Most commercial jet landings are quite smooth, with pilots often having the space to “float” the plane over the runway and touch down as lightly as possible. However, on shorter runways, the priority is to land the aircraft as quickly as possible. On July 1st, 2022, a Southwest Airlines 737 hit the short runway in Santa Ana, California with such force that one of the flight attendants received a fracture to one of the vertebrae of her spine. Let’s look at this unfortunate incident…
The incident occurred on Southwest flight WN-2029 from Oakland International Airport to Santa Ana’s John Wayne Orange County Airport. The flight, operated by a Boeing 737-700 registered as N480WN, pushed back from the gate at Oakland at 15:51 local time and landed at SNA at 16:57, 13 minutes ahead of schedule. Immediately upon touching down, the flight attendant in question felt pain in her back and neck and was unable to move, and she had
to be evacuated by paramedics. At the hospital, doctors found that she had suffered a compression fracture to her T3 vertebra.
A report of the investigation into the incident was released last week by the National Transportation Safety Board (NTSB). It states that, “According to the flight crew, they were flying a visual approach to runway 20R at SNA. They were aiming for the touchdown zone due to its short runway and trying to fly the aircraft onto the runway with minimal floating. However, it ended up being a firm landing. Shortly after exiting the runway, the flight crew were
informed that the “B” position flight attendant seated in the aft jump seat had injured her back on landing and required medical assistance.”

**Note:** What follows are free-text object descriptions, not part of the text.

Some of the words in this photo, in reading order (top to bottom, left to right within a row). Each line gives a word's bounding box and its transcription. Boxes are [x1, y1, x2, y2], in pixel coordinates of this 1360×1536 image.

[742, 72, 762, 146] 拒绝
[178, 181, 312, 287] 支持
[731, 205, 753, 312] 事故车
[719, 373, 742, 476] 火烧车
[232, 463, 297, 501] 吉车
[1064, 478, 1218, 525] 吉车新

After securing the galley and preparing the cabin for landing, the flight attendant had sat down in her designated jump seat and secured her seatbelt and assumed the brace position. She relayed to the investigators that she felt the plane hit the runway so hard, she first believed it had crashed. There were 137 passengers and five crew on board the flight. No one else sustained any reported injury.

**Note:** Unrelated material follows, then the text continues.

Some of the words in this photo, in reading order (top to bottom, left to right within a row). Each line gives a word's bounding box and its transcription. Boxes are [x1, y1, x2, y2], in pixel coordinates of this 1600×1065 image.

Meanwhile, the aircraft continued to its gate without further incident. Built to withstand fairly hard landings, the 737 did not sustain any damage or require maintenance. In fact, it was back in the air heading to Las Vegas a couple of hours later, albeit with an hour delay. Santa Ana’s John Wayne Orange County Airport has what is considered the shortest runway of any major airport in the US, measuring only 5700 feet (1738 meters). As such, pilots aim to bring the plane down on the ground as quickly as possible with minimal “floating” that would typically allow for a smoother landing. As a result, harder landings are not unheard of at this airport.